- Problem to work on:
Look through the listing and locate every line containing the word "VILLATTE"; copy those lines.

###

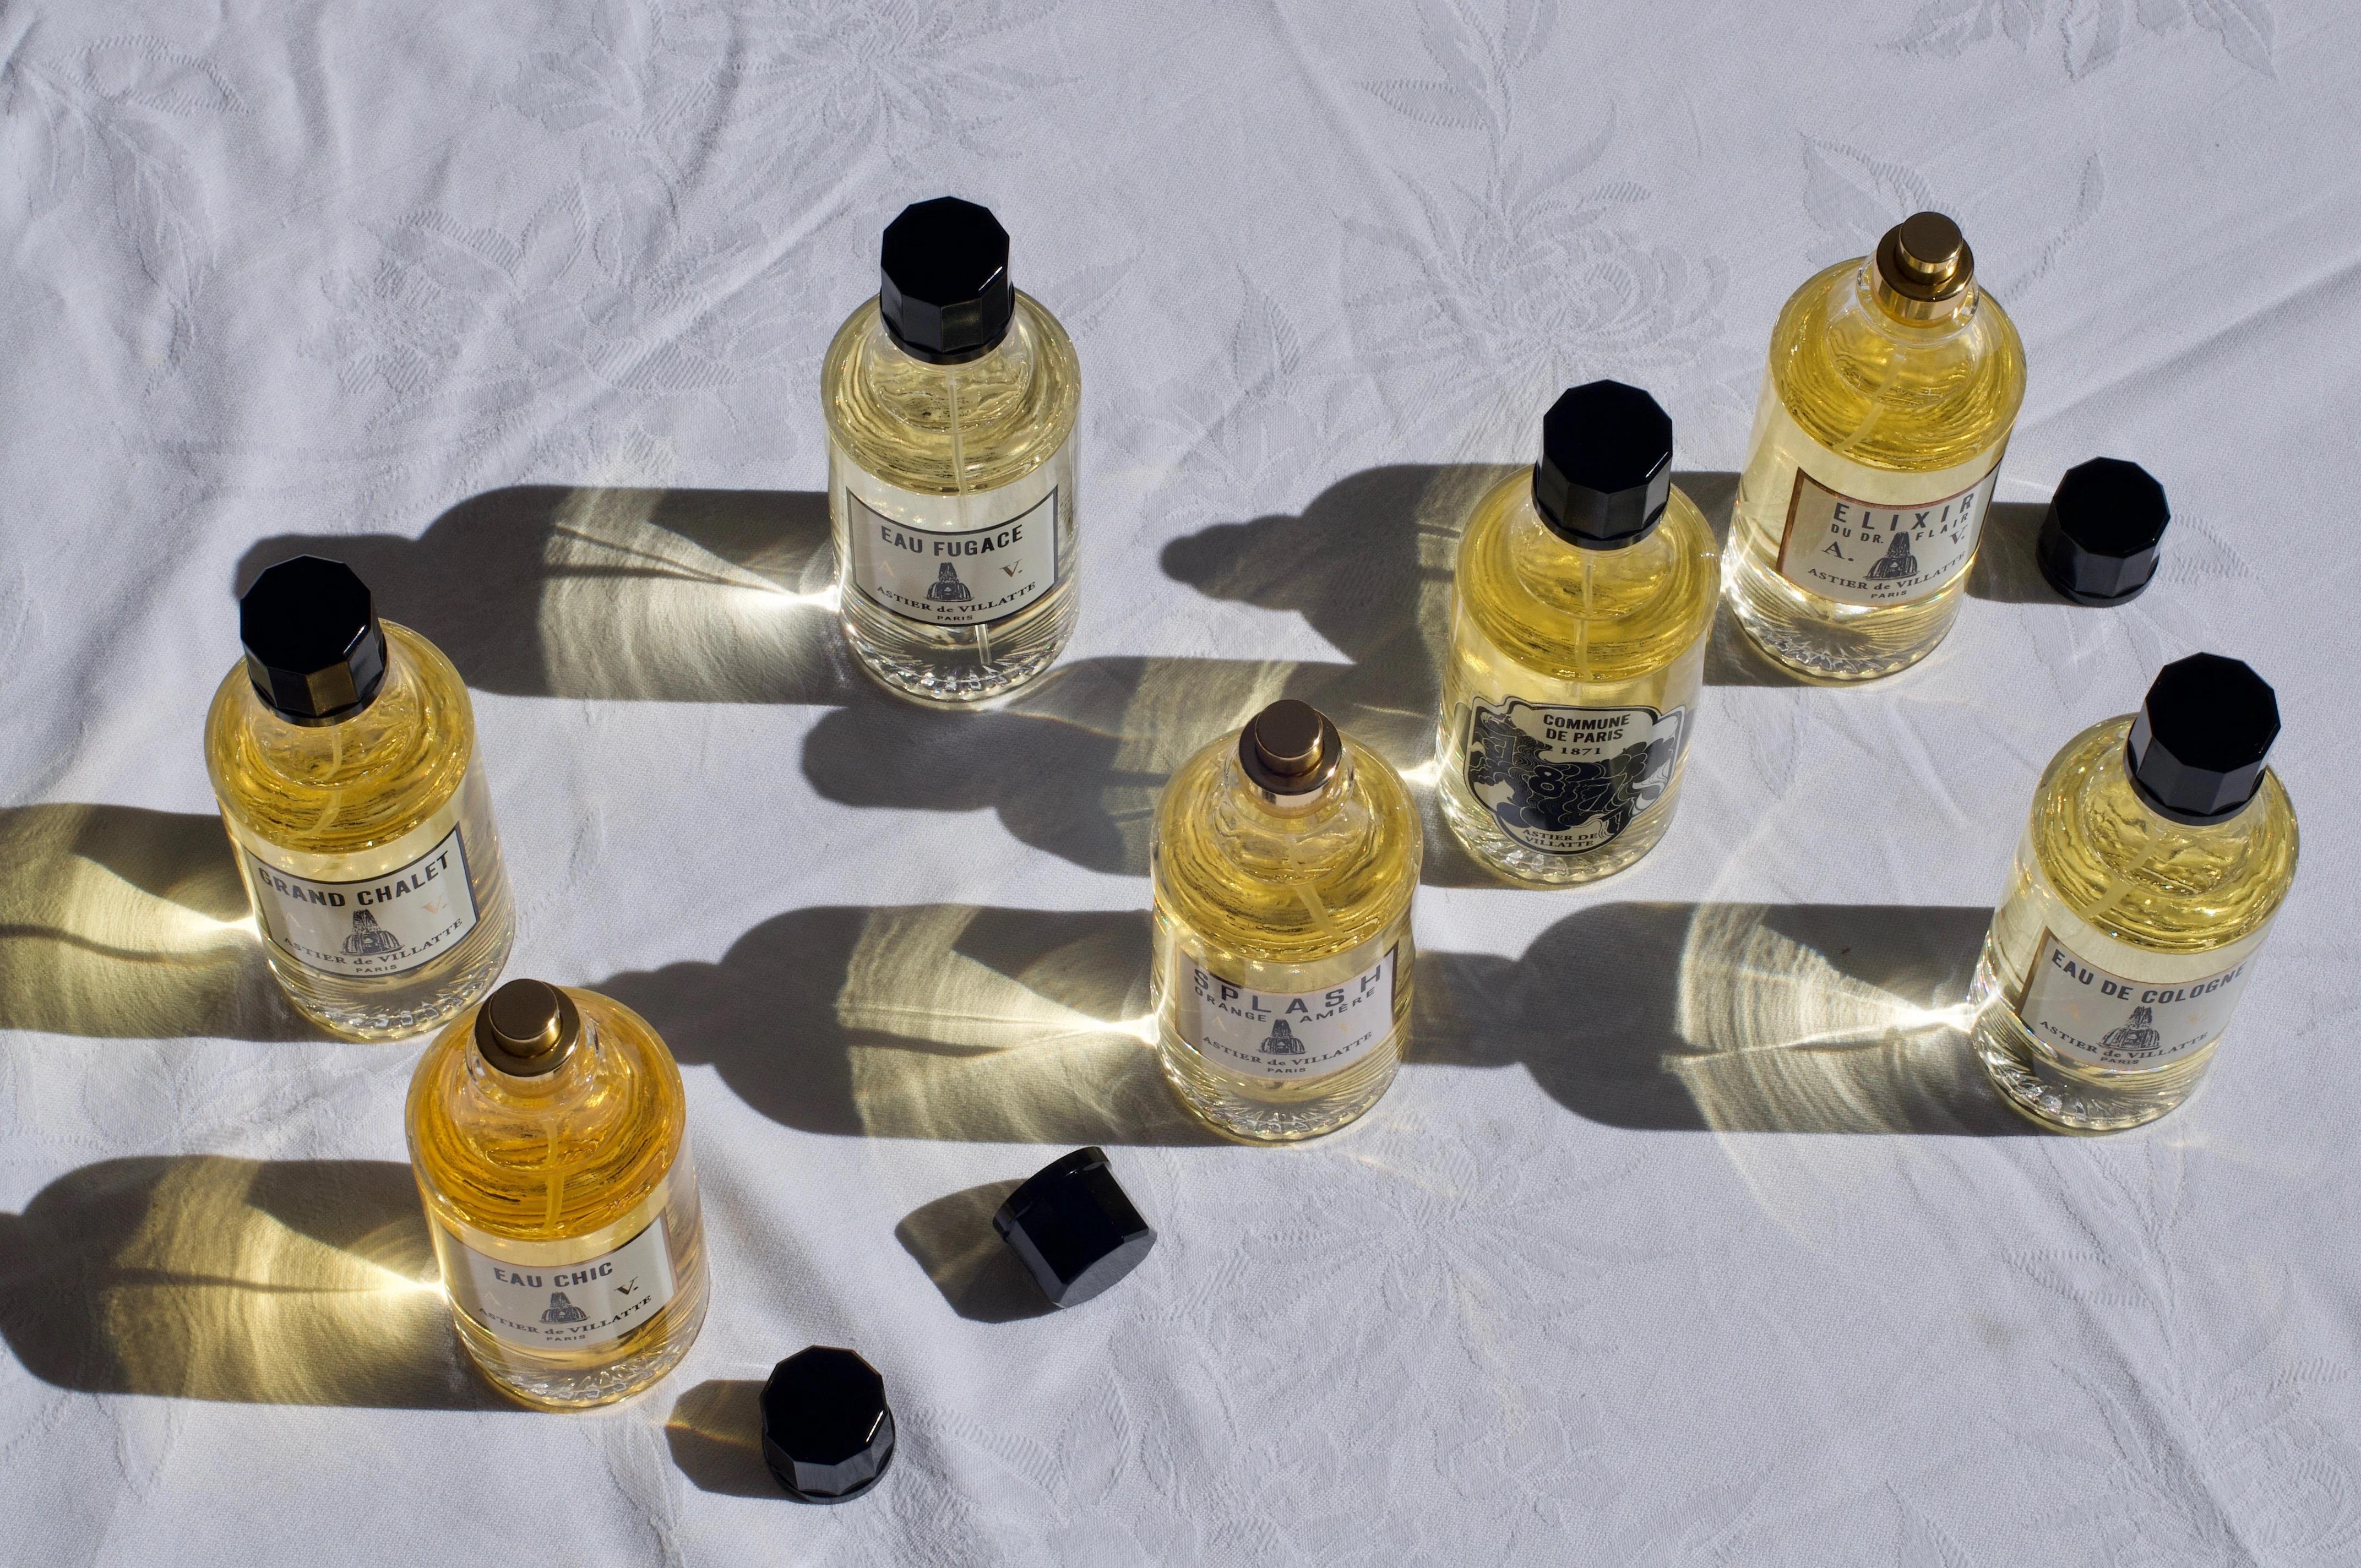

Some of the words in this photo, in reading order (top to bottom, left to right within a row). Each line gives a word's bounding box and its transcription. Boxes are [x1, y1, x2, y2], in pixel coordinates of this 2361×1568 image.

[1831, 523, 1851, 538] DU
[1860, 532, 1884, 544] DR.
[1916, 512, 1968, 541] FLAIR
[1833, 493, 1975, 531] ELIXIR
[882, 525, 923, 553] EAU
[934, 525, 1022, 557] FUGACE
[1949, 524, 1968, 545] V.
[1821, 541, 1855, 562] A.
[999, 559, 1022, 578] V.
[1807, 568, 1869, 591] ASTIER
[1873, 582, 1891, 591] de
[1896, 550, 1966, 589] VILLATTE
[876, 585, 932, 611] ASTIER
[958, 581, 1036, 613] VILLATTE
[1870, 590, 1908, 599] PARIS
[1542, 714, 1631, 731] COMMUNE
[1546, 728, 1568, 741] DE
[1573, 728, 1623, 743] PARIS
[1560, 747, 1602, 756] 1871
[1521, 829, 1573, 841] ASTIER
[1578, 832, 1598, 840] DE
[1525, 836, 1595, 848] VILLATTE
[259, 867, 346, 907] GRAND
[357, 850, 449, 906] CHALET
[284, 937, 347, 965] ASTIER
[353, 957, 373, 965] de
[376, 918, 463, 963] VILLATTE
[356, 964, 397, 973] PARIS
[2051, 949, 2094, 986] EAU
[2100, 979, 2134, 1001] DE
[2141, 961, 2248, 1004] COLOGNE
[1194, 964, 1381, 1014] SPLASH
[1195, 986, 1267, 1022] ORANGE
[1299, 986, 1375, 1023] AMÈRE
[1203, 1036, 1262, 1064] ASTIER
[1267, 1058, 1286, 1066] de
[1290, 1031, 1373, 1066] VILLATTE
[2039, 1020, 2098, 1054] ASTIER
[2126, 1031, 2209, 1059] VILLATTE
[493, 1267, 543, 1288] EAU
[554, 1262, 613, 1287] CHIC
[613, 1276, 639, 1295] V.
[478, 1308, 538, 1333] ASTIER
[567, 1295, 652, 1333] VILLATTE

###

- Written response:
[1896, 550, 1966, 589] VILLATTE
[958, 581, 1036, 613] VILLATTE
[1525, 836, 1595, 848] VILLATTE
[376, 918, 463, 963] VILLATTE
[1290, 1031, 1373, 1066] VILLATTE
[2126, 1031, 2209, 1059] VILLATTE
[567, 1295, 652, 1333] VILLATTE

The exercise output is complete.